Feeling more like me and less like a specimen under a microscope, I exit the locker room and make my way through the building, out the front doors of the academy. I freeze in my tracks, though, because parked at the curb is a sleek black Maserati and leaning against it is the newly minted don of New York.
He doesn’t wear a tie, keeping the top two buttons of his silk shirt open to reveal a glimpse of his olive skin and the slight dusting of dark hair that decorates it. I may prefer him in gray sweatpants, but it doesn’t change the fact that Rocco Spinelli was born to wear a suit. The designer shades and diamond encrusted Rolex are a new addition and a nice touch too. Flashy, but still nice.

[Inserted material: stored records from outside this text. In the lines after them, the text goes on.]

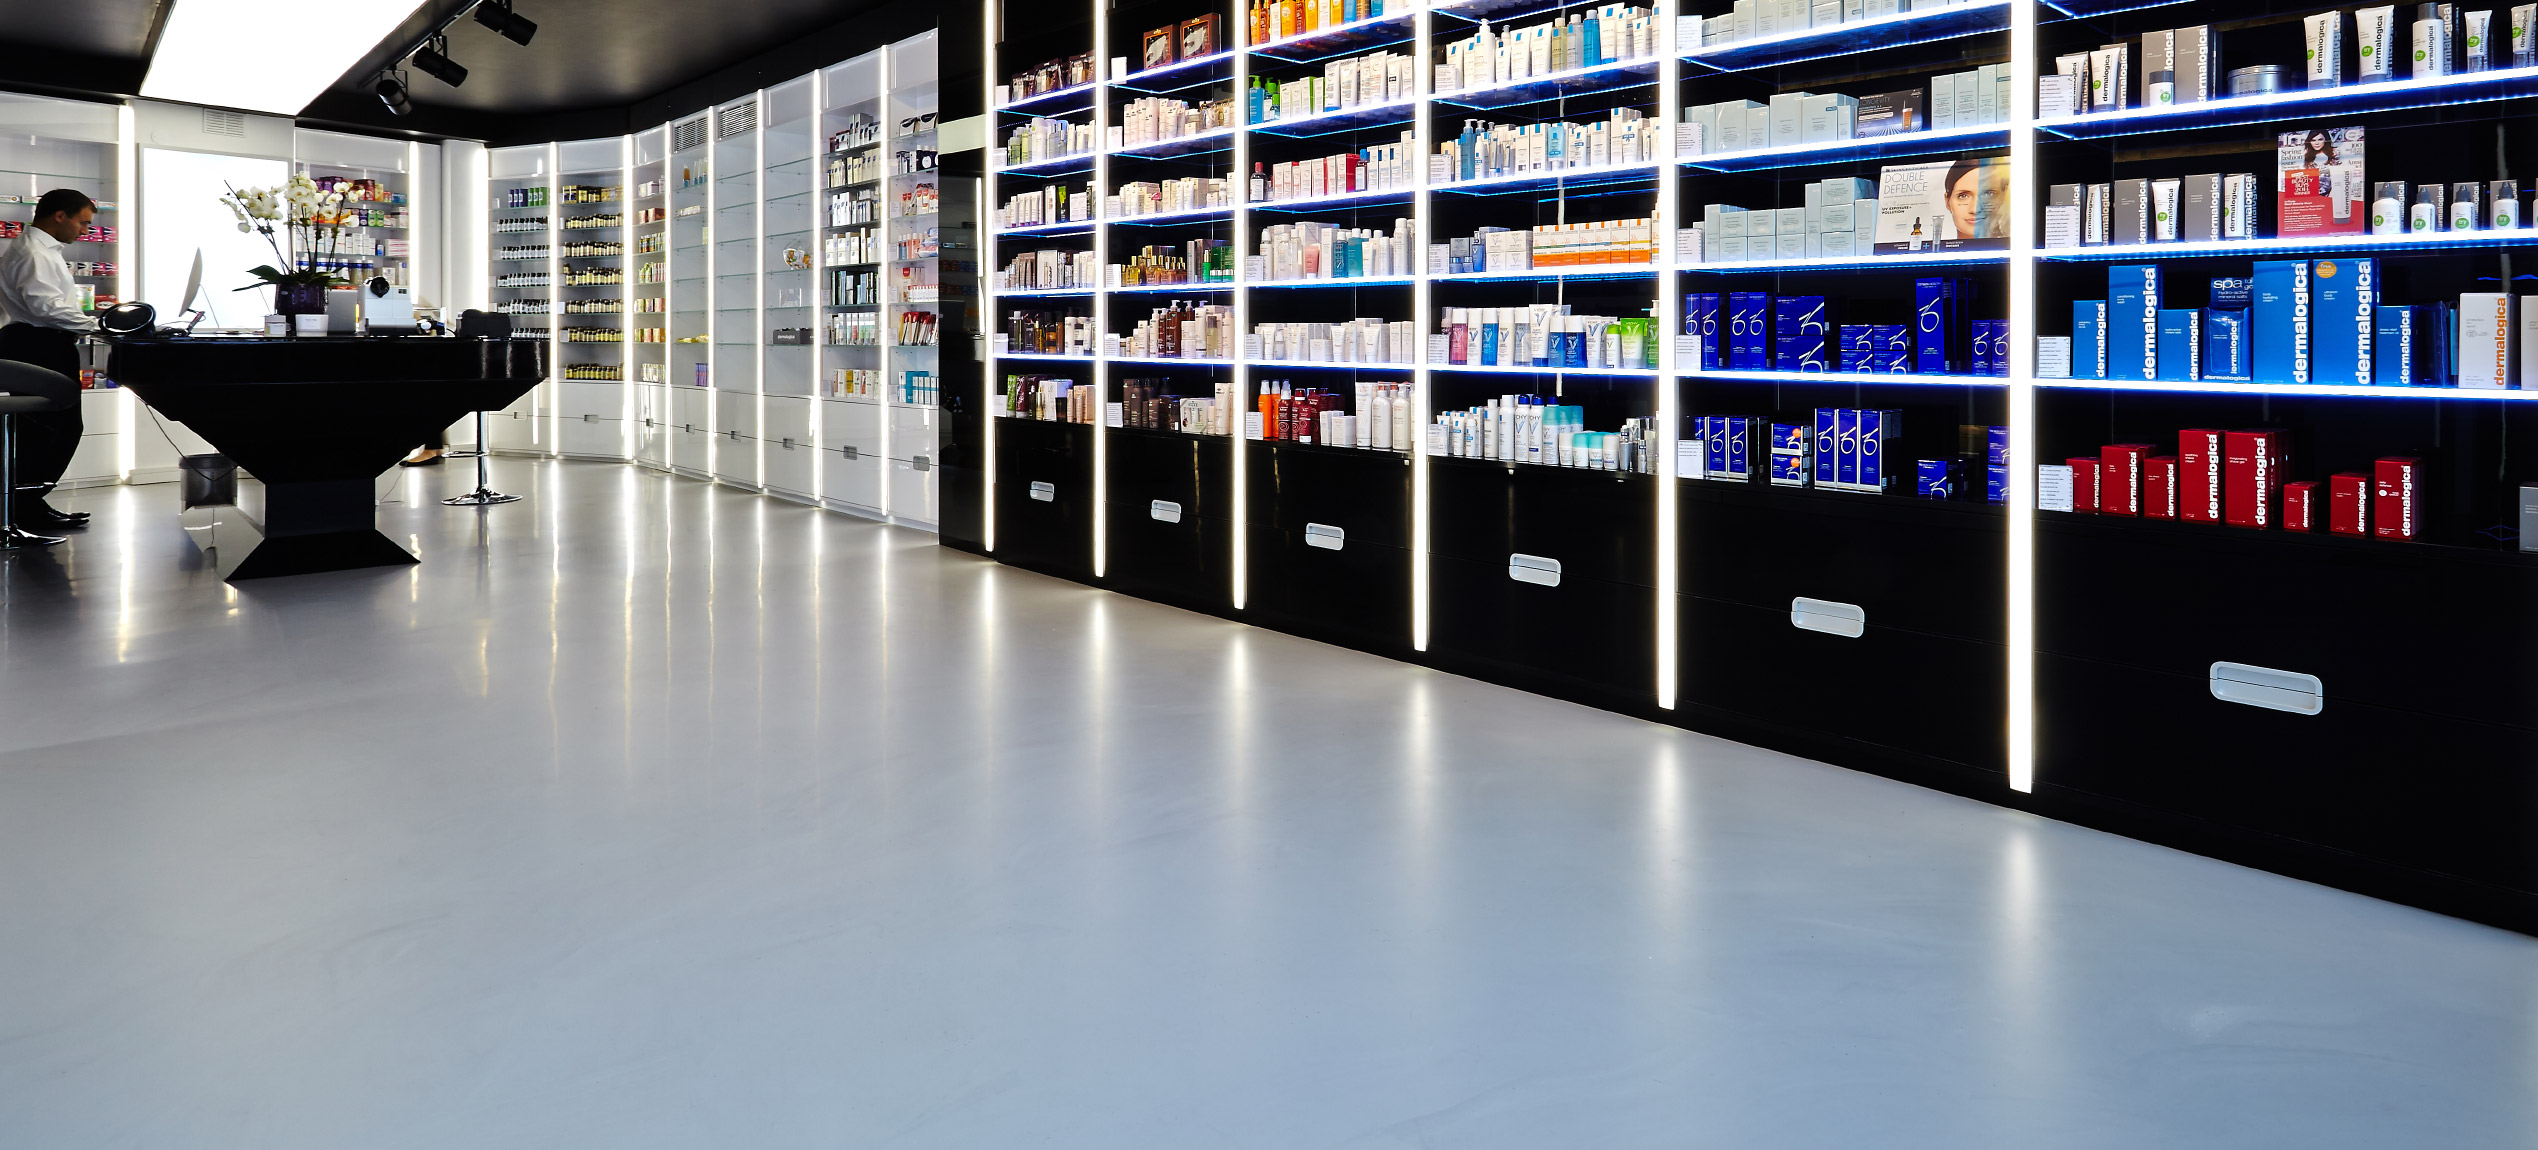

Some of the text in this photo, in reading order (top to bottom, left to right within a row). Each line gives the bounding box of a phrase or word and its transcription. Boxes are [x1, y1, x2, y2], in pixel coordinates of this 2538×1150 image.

[2164, 32, 2175, 71] logica
[2315, 20, 2326, 74] dermalogica
[2375, 15, 2384, 71] dermalogica
[2102, 54, 2111, 102] dermalogica
[1884, 182, 1928, 194] DEFENCE
[1885, 171, 1925, 183] DOUBLE
[2209, 176, 2219, 241] dermalogica
[2229, 182, 2238, 232] dermalogica
[2244, 176, 2253, 240] dermalogica
[2139, 181, 2147, 245] dermalogica
[2213, 279, 2243, 291] spa
[2095, 303, 2107, 378] dermalogica
[2142, 267, 2157, 380] dermalogica
[2189, 311, 2199, 381] dermalogica
[2292, 263, 2309, 383] dermalogica
[2355, 260, 2372, 384] dermalogica
[2399, 310, 2411, 384] dermalogica
[2494, 297, 2508, 386] dermalogica
[2129, 452, 2138, 512] dermalogica
[2167, 464, 2175, 517] dermalogica
[2207, 434, 2219, 519] dermalogica
[2255, 438, 2267, 525] dermalogica
[2358, 482, 2367, 532] dermalogica
[2401, 466, 2412, 536] dermalogica
[2302, 490, 2310, 528] dermalogica
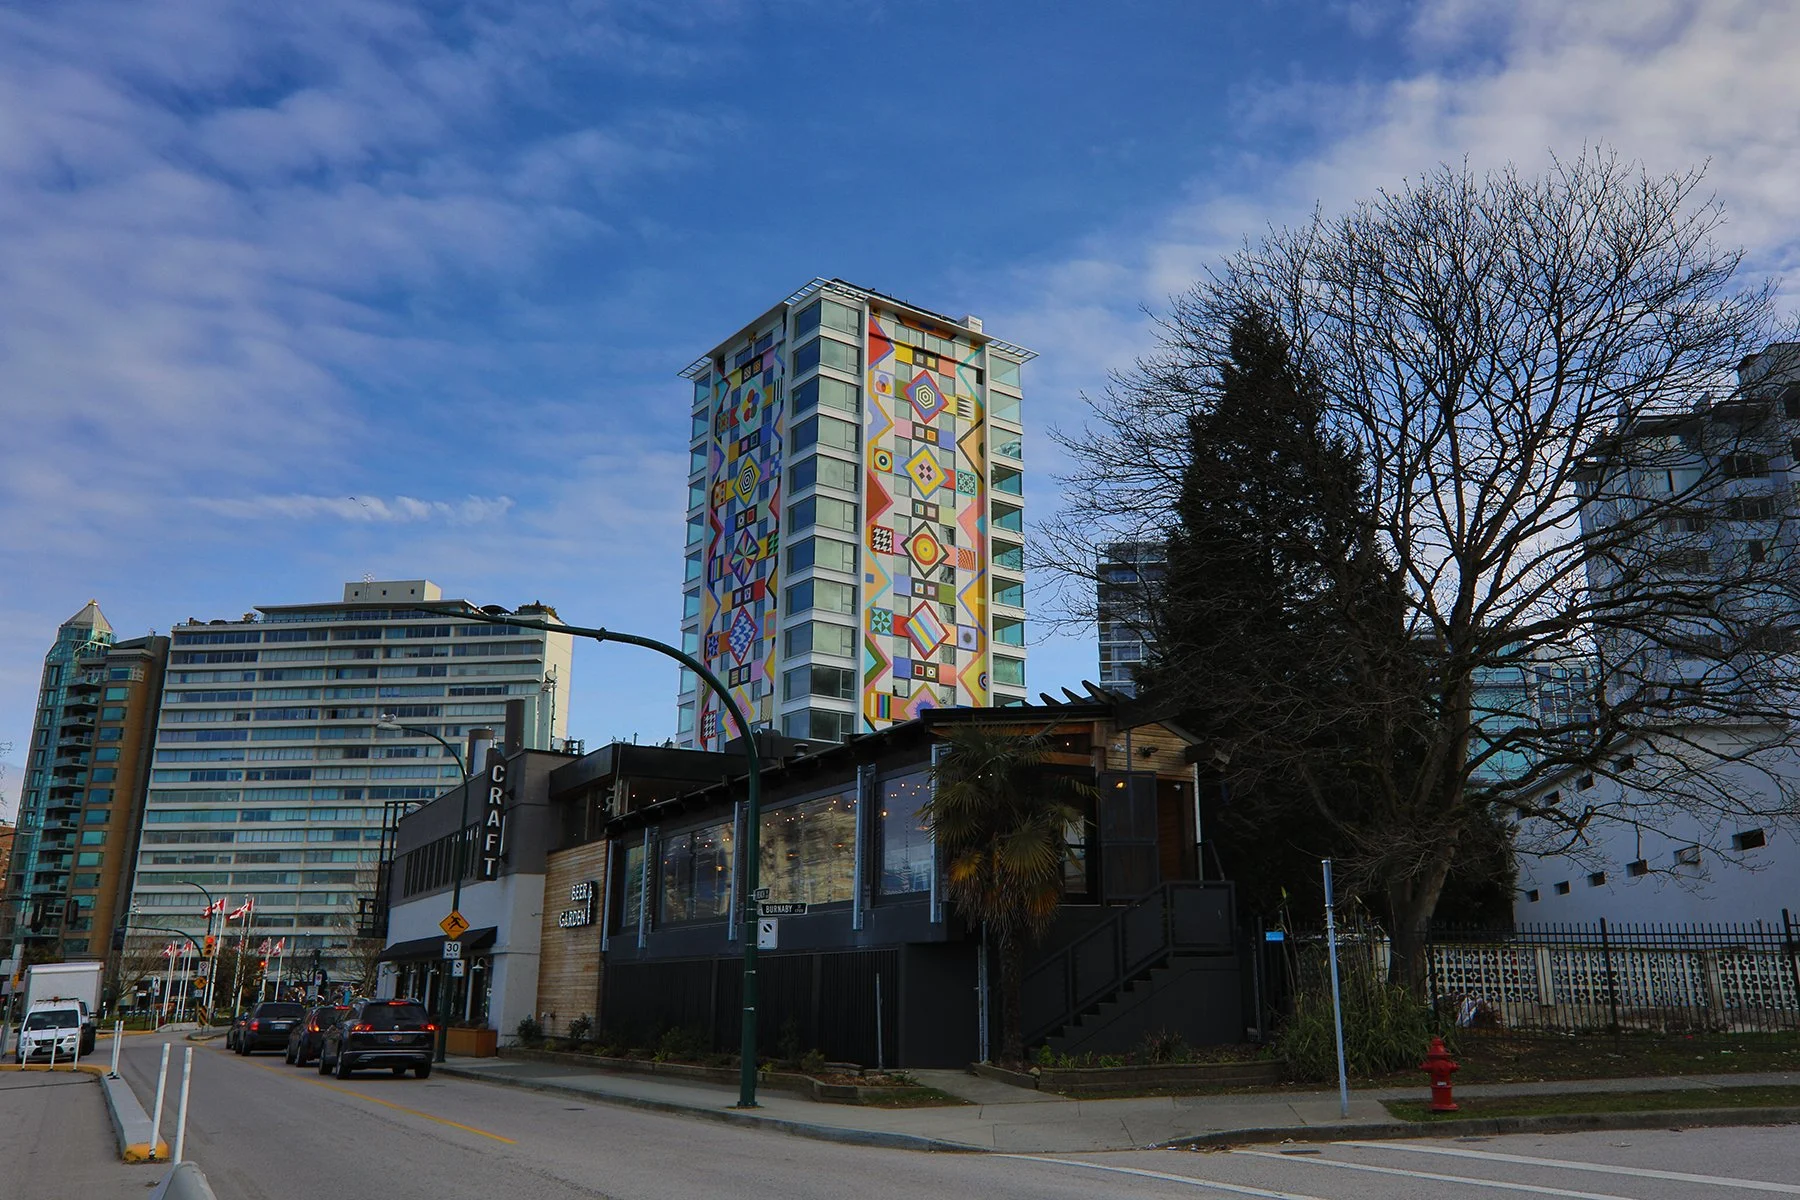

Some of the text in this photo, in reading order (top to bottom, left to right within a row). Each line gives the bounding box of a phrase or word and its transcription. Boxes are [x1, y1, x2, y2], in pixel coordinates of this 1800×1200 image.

[484, 765, 505, 876] CRAFT
[571, 882, 588, 901] BEER
[559, 908, 586, 928] GARDEN
[766, 904, 793, 914] BURNABY
[446, 943, 459, 952] 30

His predecessor would be proud.
That fucking sentence should make my skin crawl…shouldbeing the operative word there. All I feel when I look at him is relief. I don’t care that he’s been missing in action for a week or that he never showed for our date. He’s alive and he’s here, staring back at me like I’m the only thing in his world that exists.
Ignoring the fluttering sensation in the pit of my stomach, I draw in a deep breath and make my way toward him. He pushes off the car and pulls the shades from his face. Tucking the arm of the glasses into his shirt, his eyes slowly rake over me and shamelessly, I drink him in too. Of all the crimes he has committed and the ones he is bound to commit, the biggest one might just be his sex appeal. It’s effortless and oh, so dangerous because it’s fucking irresistible.
It makes a girl forget all his shortcomings and how likely it is for him to break her heart.
“Bug,” he greets, grinning at me in that devilish way of his.
Crossing my arms under my chest, I cock my head to the side and give him an exasperated look.
He can’t actually be serious right now.
We haven’t spoken to one another in a week and he opens with that ridiculous nickname?
“How many times do I have to tell you not to call me that?” I hiss.